Each developer works in their “sandbox”, thus there are no risks to overwrite someone else’s changes.
Shared
Developers share a single copy of the database. All changes are made directly to the database. That is why there is no need to care about the state of local working copy. This approach is not too safe, because one developer may overwrite others’ changes.
Setting up SQL Source Control for dedicated development
- Install dbForge Source Control for SQL Server
Download and install the tool. Once it is installed, you will see the Source Control Tasks shortcut menu inside SSMS Object Explorer.
- Create version control repository
The tool supports the most popular source control systems: SVN, GIT, Mercurial, TFS and many others. For the demonstration purposes, Visual SVN will be used. You can use one of your favorite source control systems. At this step, you need to set up your source control system and the repository. You can place a database script folder inside the repository or just leave the repository blank. In this particular demo, the repository contains the database script folder. The folder contains DDL scripts for the sales_demo1 database objects.
- Link a database to the source control
To link a database to the source control, you need to create a new database in SSMS. Right-click the database and navigate to the Source Control Tasks shortcut menu. Then, click Link Database to Source Control.
The next step is to set up the connection to the repository. Click the Source control repository text box and then click Manage.
Select a required source control system. It is SVN in our case. Provide the URL to the repository. Click OK.
There it is! Note the database icon has changed in the Object Explorer.
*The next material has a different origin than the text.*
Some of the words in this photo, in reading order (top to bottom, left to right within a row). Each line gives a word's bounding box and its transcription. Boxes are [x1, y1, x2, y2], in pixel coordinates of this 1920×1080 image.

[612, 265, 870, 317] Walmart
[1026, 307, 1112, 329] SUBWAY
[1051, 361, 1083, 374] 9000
Also, it contains all required objects.
- Get latest
The tool automatically detects that there are some changes in the remote repository. To get the remote changes, select all required checkboxes and click Get Latest.
The process will take a while. Once it is completed, you get the following report:
Now, just refresh the sales_demo1 database in SSMS object explorer. You will see that the database contains all required objects.
- Working with changes
Assume someone from the team has changed an object in their local sandbox and committed the change into the repository. You need to get the update from the repository. To get remote changes, just refresh the source control tool. The tool automatically detects the remote modifications and provides you a list of all changes. You can see which lines of code have changed. If you agree to the changes, select them and click Get Latest!
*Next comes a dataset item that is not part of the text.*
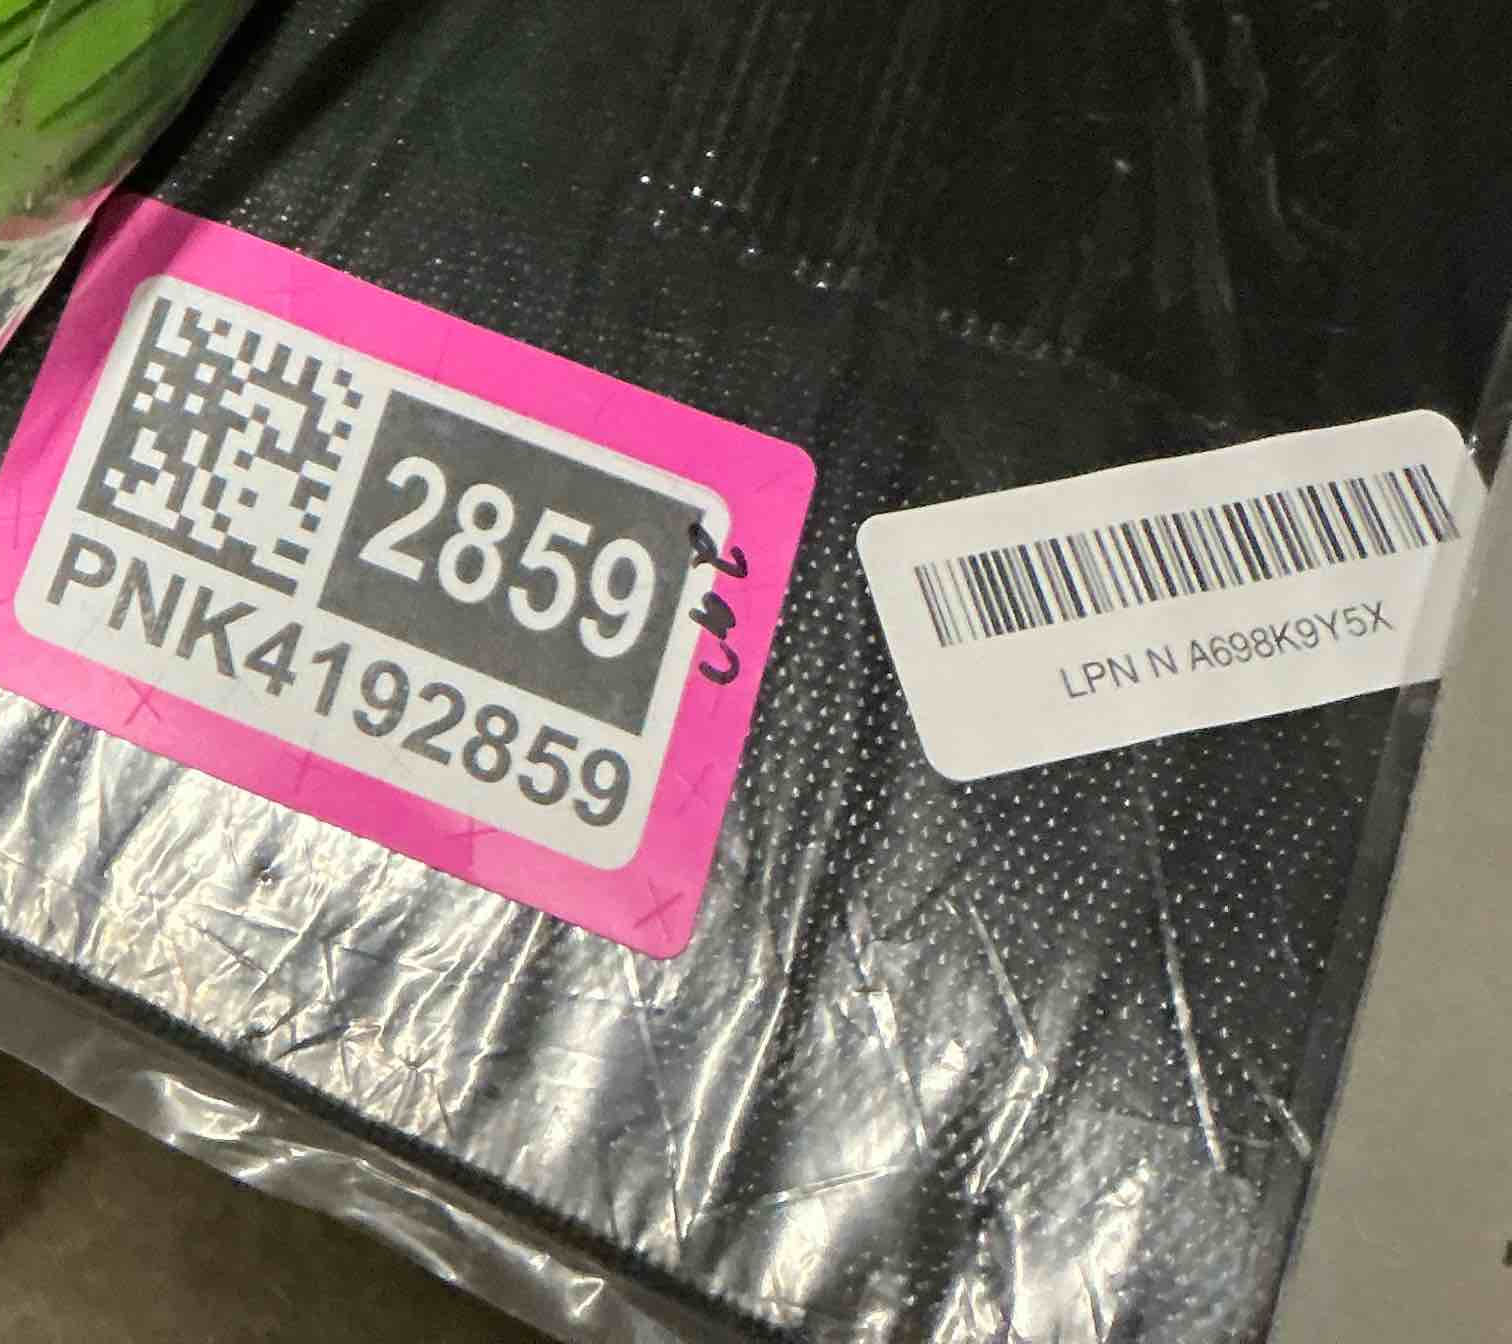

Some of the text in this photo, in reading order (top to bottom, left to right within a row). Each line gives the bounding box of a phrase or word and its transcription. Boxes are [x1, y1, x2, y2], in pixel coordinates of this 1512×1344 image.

[358, 455, 658, 661] 2859
[1058, 599, 1395, 701] LPN N A698K9Y5X
[46, 532, 632, 828] PNK4192859
All changes will be applied to your local copy of the database.
As you can see, it is very simple to manage database changes with dbForge Source Control for SQL Server. Most database developers, however, relying on a shared database development model. Nevertheless, changes made by other developers can break the code and affect the entire project, causing delays and frustration. Even so, most developers would likely choose the dedicated model.
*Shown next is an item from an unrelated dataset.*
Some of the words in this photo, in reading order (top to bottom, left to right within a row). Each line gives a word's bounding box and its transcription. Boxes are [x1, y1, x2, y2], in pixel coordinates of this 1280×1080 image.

Reference: Pinal Dave (https://blog.sqlauthority.com)
5 Comments. Leave new
what about scripting to release in prod?
what about scripting default values in some tables?
what about preventing the loss of data? (when a column name has been renamed)
what about partitioned tables? (when each dedicated database can have a different number of partition in place)
With this tool, you can work with SQL source code and a version control system as programmers work with their program code. You can commit, update, merge SQL code without any needs to generate object DDL manually each time. The tool automatically compare the code inside a pero and the DDL on your local instance and provides you the picture of what is going on. Your task is to decide what to do.
I understand, its like the Visual Studio Database tool. but how this tool manages the data movement? is there a pre deployment script? how to package a database for a release to other servers? (generally UAT, QA, PROD servers are not connected to a source control system)
can we automate the deployment through Powershell scripts?
Or, apply changes from a schema compare between the versionned DB project and your local sandbox. It works well and it is free!
Sorry to disappoint you, but this tool is not free, from which I saw. The initial price is 250$, and it is for one year subscription. After that next year would be ~100$. Is there any alternative to this, as free (as free beer) / opensource application?